Unfortunately, after Purdue reformulated OxyContin to reduce drug abuse — namely by preventing abusers from snorting and injecting the ground up pill — addicts turned to heroin. This created a new market for drug cartels in Mexico, who have since abused our border crisis to further feed crime, drug addiction, and overdose deaths in our communities.
This why my office has been relentless in fighting open border policies<http://www.ag.state.la.us/FightingForLouisiana> that benefit human traffickers and drug dealers. As Attorney General, I defended ICE, fought Sanctuary Cities, pushed for Title 42 to remain in place, and sued the Biden Administration in federal court to keep our asylum process fair rather than issue blank checks of citizenship to criminals.
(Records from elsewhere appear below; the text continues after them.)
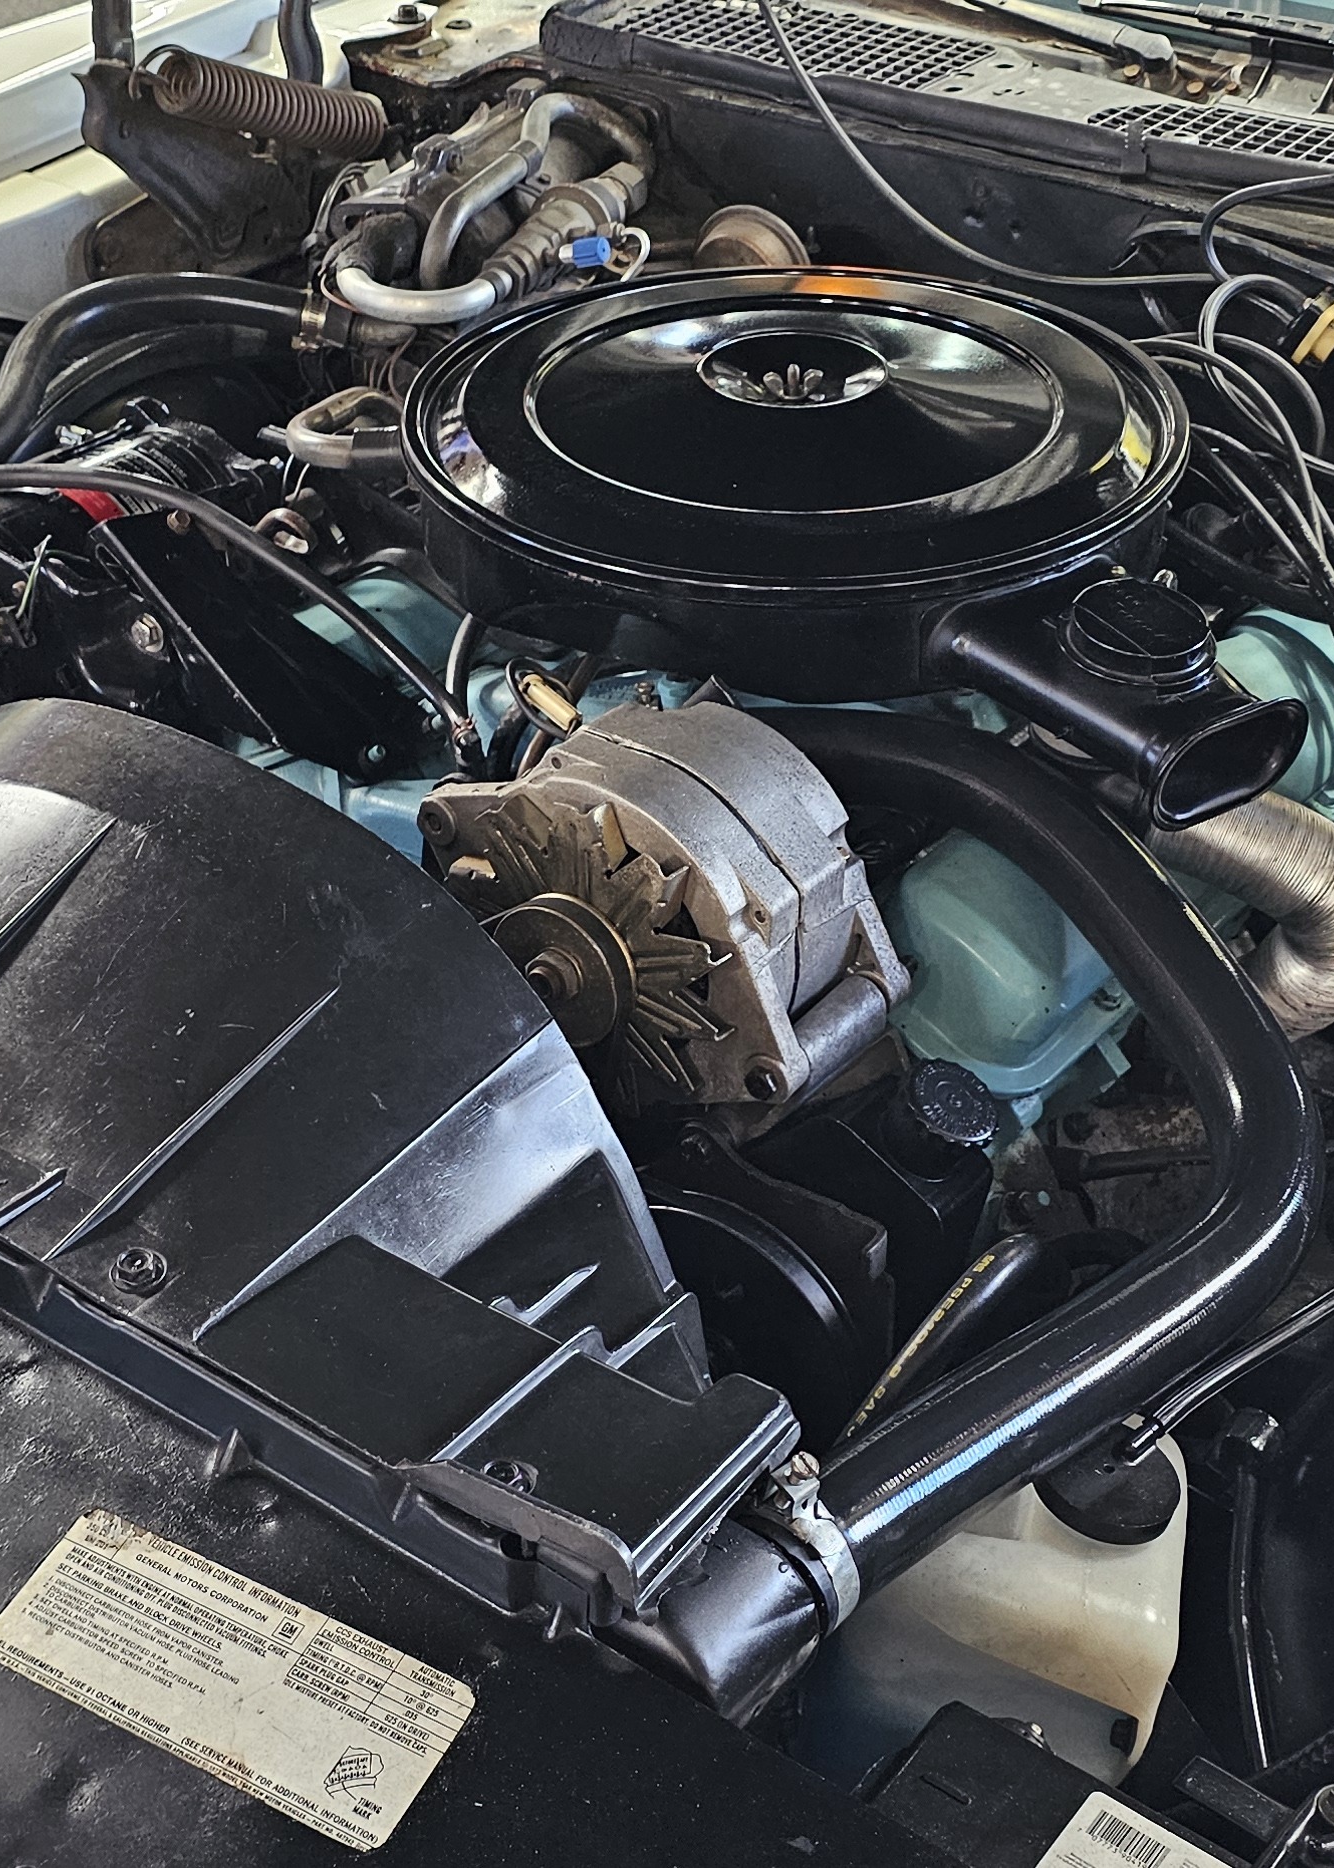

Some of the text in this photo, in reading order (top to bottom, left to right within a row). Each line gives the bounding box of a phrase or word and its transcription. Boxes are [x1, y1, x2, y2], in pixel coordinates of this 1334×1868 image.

[135, 1553, 268, 1621] GENERAL MOTORS CORPORATION
[147, 1535, 179, 1557] VEHICLE
[177, 1551, 214, 1574] EMISSION
[212, 1568, 247, 1591] CONTROL
[248, 1586, 300, 1617] INFORMATION
[54, 1578, 94, 1600] DISCONNECT
[93, 1597, 134, 1620] CARBURETOR
[133, 1618, 152, 1629] HOSE
[151, 1626, 170, 1639] FROM
[170, 1636, 192, 1650] VAPOR
[57, 1562, 221, 1649] SET PARKING BRAKE AND BLOCK DRIVE WHEELS.
[65, 1552, 266, 1657] OPEN AND AIR CONDITIONING PLUG DISCONNECTED VACUUM FITTINGS.
[71, 1546, 88, 1558] MAKE
[87, 1554, 126, 1577] ADJUSTMENTS
[125, 1573, 142, 1584] WITH
[140, 1580, 162, 1595] ENGINE
[161, 1591, 171, 1599] AT
[169, 1595, 193, 1610] NORMAL
[193, 1606, 226, 1626] OPERATING
[267, 1643, 288, 1658] CHOKE
[28, 1611, 65, 1632] RECONNECT
[64, 1629, 105, 1653] DISTRIBUTOR
[105, 1650, 120, 1660] AND
[119, 1657, 150, 1676] CANISTER
[34, 1603, 187, 1684] ADJUST CARBURETOR SPEED SCREW SPECIFIED
[39, 1596, 150, 1655] SET DWELL AND TIMING SPECIFIED
[49, 1585, 239, 1684] DISCONNECT DISTRIBUTOR VACUUM PLUG HOSE LEADING
[281, 1621, 298, 1635] GM
[335, 1626, 388, 1654] CCS EXHAUST
[305, 1648, 328, 1663] TIMING
[313, 1637, 334, 1651] DWELL
[321, 1628, 394, 1668] EMISSION CONTROL
[291, 1668, 350, 1701] CARB. SCREW (RPM)
[299, 1658, 349, 1685] SPARK PLUG GAP
[409, 1670, 455, 1696] TRANSMISSION
[418, 1665, 455, 1687] AUTOMATIC
[282, 1677, 427, 1754] IDLE MIXTURE PRESET NOT REMOVE CAPS.
[384, 1714, 429, 1740] 625 (IN DRIVE)
[404, 1710, 418, 1720] .035
[415, 1702, 439, 1716] @ 625
[6, 1645, 63, 1678] REQUIREMENTS
[69, 1677, 86, 1689] USE
[95, 1691, 127, 1711] OCTANE
[127, 1707, 140, 1718] OR
[139, 1714, 170, 1734] HIGHER
[180, 1736, 200, 1750] (SEE
[199, 1745, 227, 1763] SERVICE
[226, 1758, 254, 1778] MANUAL
[254, 1774, 272, 1787] FOR
[272, 1784, 318, 1812] ADDITIONAL
[320, 1809, 378, 1843] INFORMATION)
[352, 1805, 371, 1819] MARK
[357, 1797, 382, 1814] TIMING
We also continue to call for the resignation of DHS Secretary Alejandro Mayorkas, who has made a bad situation far worse.
Sadly, none of that offers much comfort to those who have lost their loved ones to the opioid crisis. No law, policy, or lawsuit will ever bring their family members back from a fatal overdose. But what we can do is prevent someone else from succumbing to this horrible situation, and that is what I will continue to fight for as long as I remain in office. The great people of our State are not alone; and together, we will turn the tide.